US 12,332,944 B2
Identifying equivalent technical terms in different documents
June-Ray Lin, Taipei (TW); Nan Chen, Beijing (CN); Ju Ling Liu, Beijing (CN); Li Na Wang, Beijing (CN); and Shun Xian Wu, Beijing (CN)
Assigned to International Business Machines Corporation, Armonk, NY (US)
Filed by International Business Machines Corporation, Armonk, NY (US)
Filed on Apr. 14, 2021, as Appl. No. 17/230,475.
Prior Publication US 2022/0335090 A1, Oct. 20, 2022
Int. Cl. G06F 16/93 (2019.01); G06F 16/9032 (2019.01); G06F 16/9035 (2019.01); G06F 16/9038 (2019.01); G06F 18/214 (2023.01); G06N 3/08 (2023.01)

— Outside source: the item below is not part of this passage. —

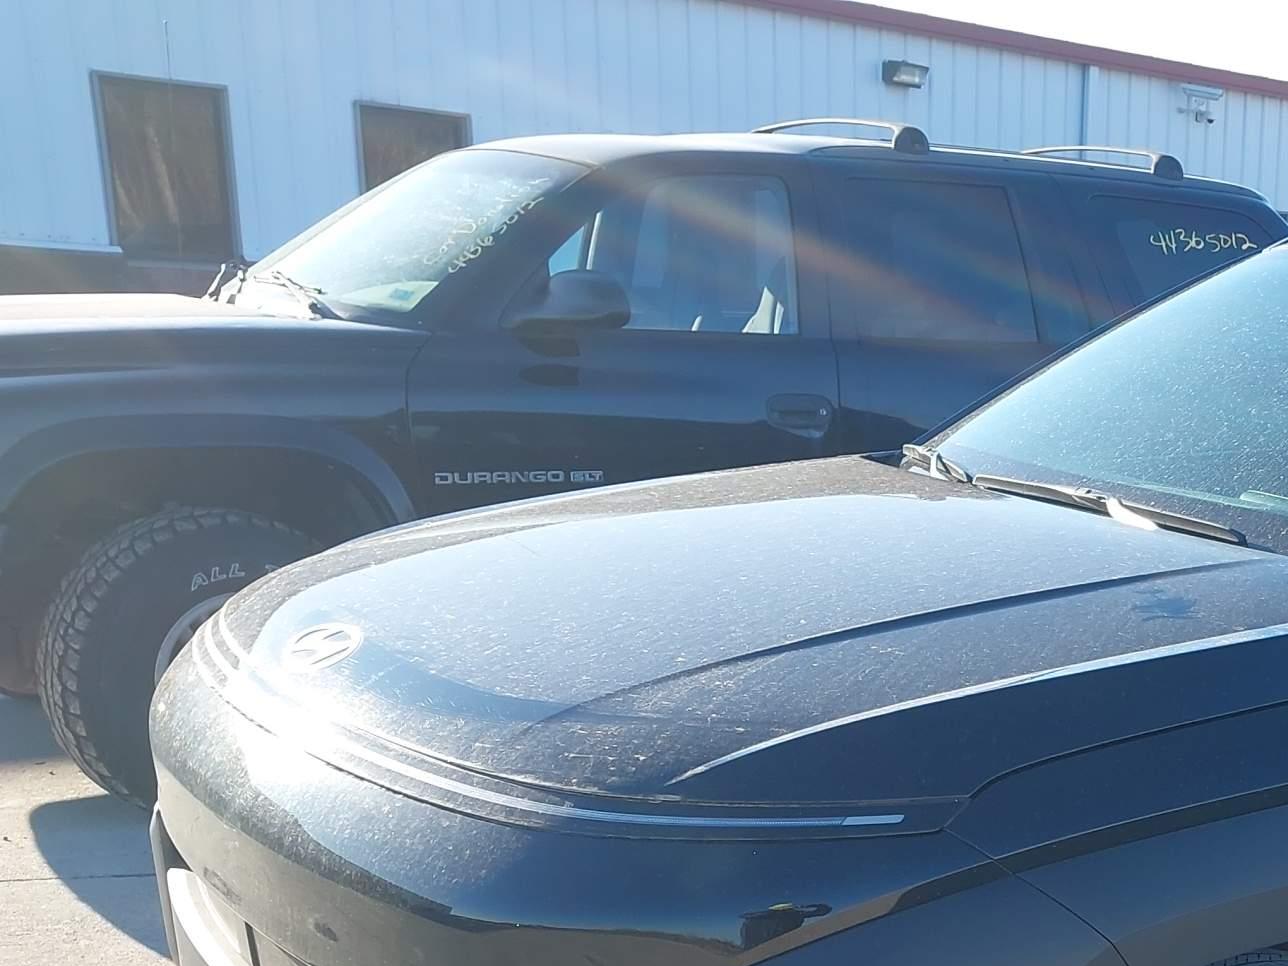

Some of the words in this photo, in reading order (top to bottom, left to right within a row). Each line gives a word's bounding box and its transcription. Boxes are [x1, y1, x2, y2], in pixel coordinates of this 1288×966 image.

[1149, 228, 1258, 256] 44365012
[434, 470, 565, 485] DURANGO
[191, 563, 246, 591] ALL

CPC G06F 16/93 (2019.01) [G06F 16/90332 (2019.01); G06F 16/9035 (2019.01); G06F 16/9038 (2019.01); G06F 18/214 (2023.01); G06N 3/08 (2013.01)] 17 Claims
OG exemplary drawing
 
1. A computer-implemented method for identifying equivalent technical terms, the method comprising:
training a deep learning model to identify equivalent technical terms using training data comprising structured and unstructured data comprising documents annotated with technical terms that are identified as being equivalent, wherein said equivalent technical terms correspond to technical terms having a same semantic meaning within a threshold degree, wherein said training of said deep learning model to identify equivalent technical terms comprises:
annotating technical terms in text of a first document regarding a first product and a second document regarding a second product with tags corresponding to matching technical terms listed in a data structure; and
annotating said tagged technical terms with entity types using an entity identification engine to assist said deep learning model in identifying equivalent technical terms, wherein said entity identification engine provides components for term or entity detection using maximum entropy models trained from annotated data, wherein said entity identification engine further provides a trainable co-reference component for grouping detected terms in a document that correspond to a same entity, and a trainable relation extraction system;
applying said deep learning model to a first document;
analyzing each sentence of said first document to identify technical terms;
analyzing text preceding or succeeding a first technical term identified in said first document to determine a meaning of said text preceding or succeeding said first technical term;
reviewing a glossary list to determine if said meaning of said analyzed text preceding or succeeding said first technical term in said first document matches a meaning in said glossary list linked to a second technical term, wherein said glossary list comprises a list of meanings associated with equivalent technical terms in designated products;
identifying said second technical term equivalent to said first technical term from said glossary list in response to determining said meaning of said analyzed text preceding or succeeding said first technical term matching said meaning in said glossary list linked to said second technical term; and
annotating said first document by replacing said first technical term with said second technical term or tagging said first technical term with said second technical term.